Teratogenic effect of 9-fluoro-11β, 21-dihydroxy-16α-methylpregna-1, 4-diene-3, 20-dione (A 41 304), a new antiinflammatory agent, and of dexamethasone in rats and mice

A41 304 at 400 μg/kg produced depression of body weight gains in the rat dams but did not increase the number of the fetuses with gross malformations. At 400 μg/kg of dexamethasone, body weight gains of the rat dams were markedly depressed and fetuses presented cleft palate and depression of the placental weight, body weight and crown-rump length.
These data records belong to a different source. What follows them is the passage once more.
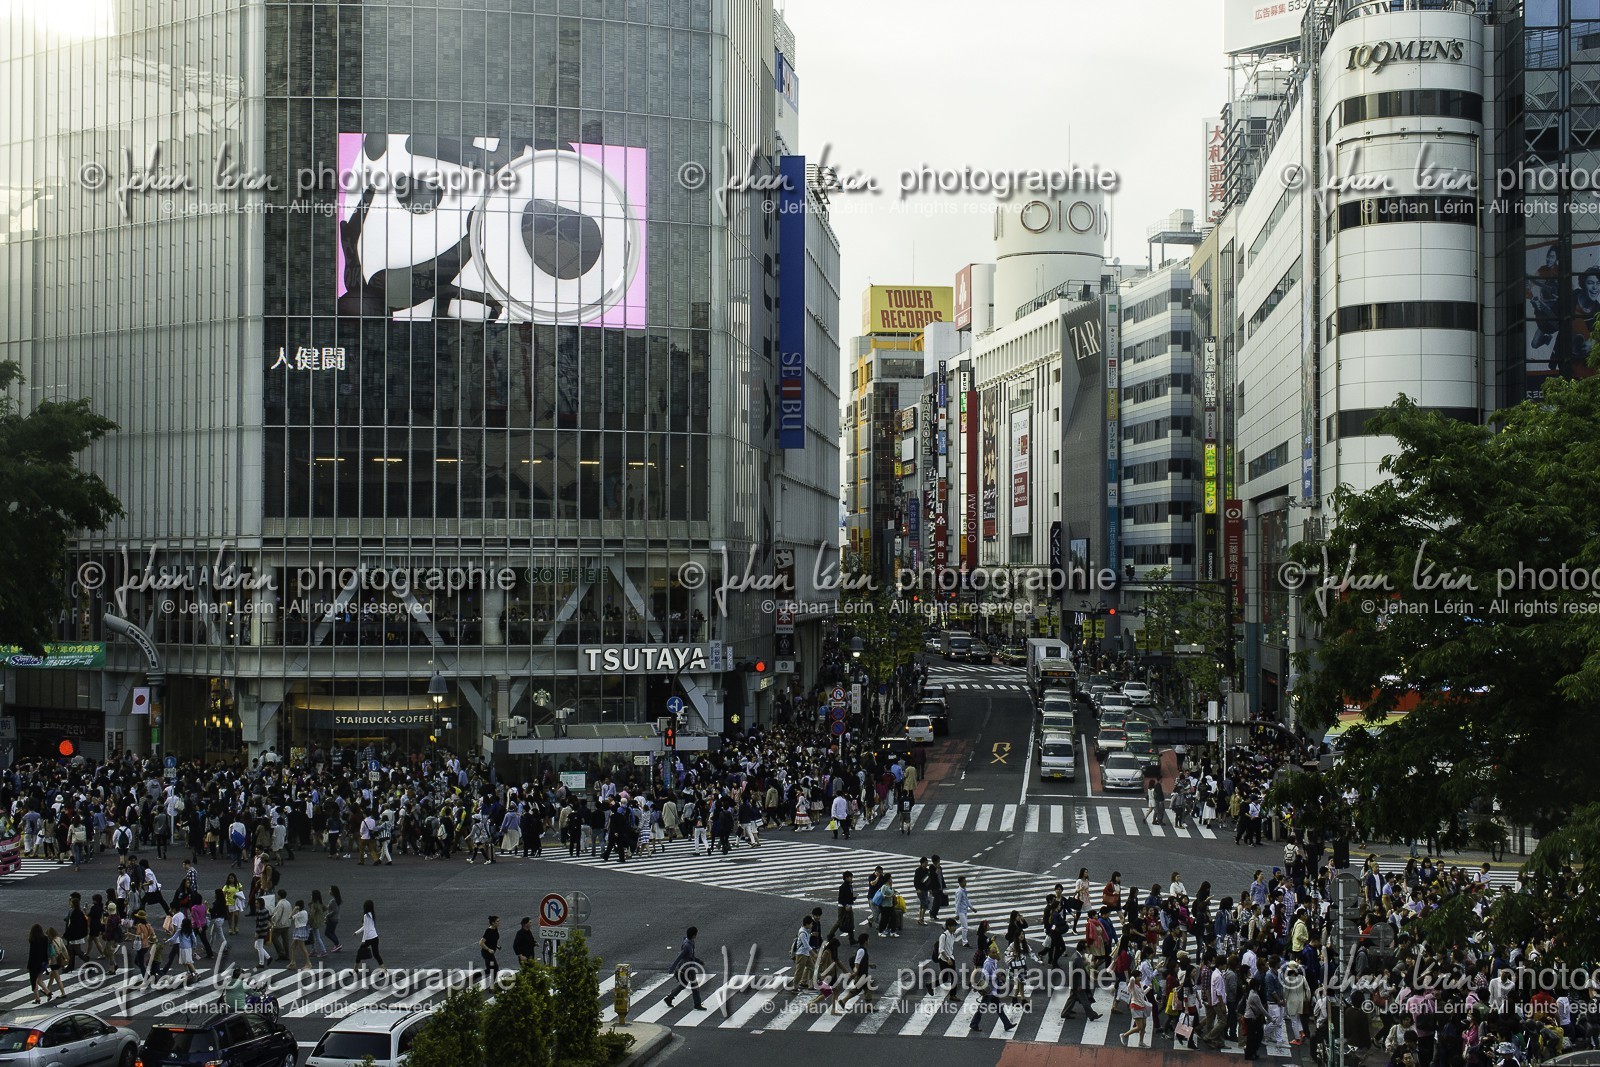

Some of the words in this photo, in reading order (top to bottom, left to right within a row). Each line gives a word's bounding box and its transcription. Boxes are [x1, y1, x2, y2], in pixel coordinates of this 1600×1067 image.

[1255, 4, 1286, 20] 広告募集
[1209, 125, 1225, 203] 大和証券
[886, 289, 934, 308] TOWER
[881, 310, 943, 328] RECORDS
[271, 346, 346, 371] 人健闘
[782, 352, 802, 430] SEIBU
[921, 394, 932, 456] KARAOKE
[1052, 528, 1061, 565] ZARA
[523, 567, 609, 584] COFFEE
[585, 647, 707, 671] TSUTAYA
[335, 716, 397, 724] STARBUCKS
[399, 714, 434, 723] COFFEE
[541, 928, 567, 939] ここから
As for the influence of both drugs upon the fetal skeleton, ossification of the odontoid process and metatarsus was delayed and lumbar ribs increased. Dexamethasone at 400 μg/kg, in addition to these findings, caused prominently delayed ossification of the caudal vertebrae. When A41 304 at 1600 μg/kg and dexamethasone at 400 μg/kg were given to pregnant mice, cleft palate occurred with high incidences, but neither visceral abnormalities nor skeletal malformations attributable to the drug administration were observed. The critical period of cleft palate which was noted in the mice given A41 304 was day 11 through day 15 of pregnancy, mainly days 11 ?? 13 of pregnancy. Cleft palate was seen in a doserelated manner in either A41 304-treated groups or dexamethasone-treated groups, but the incidence at the same dosage level was higher in dexamethasome-treated groups than in A41 304-treated groups.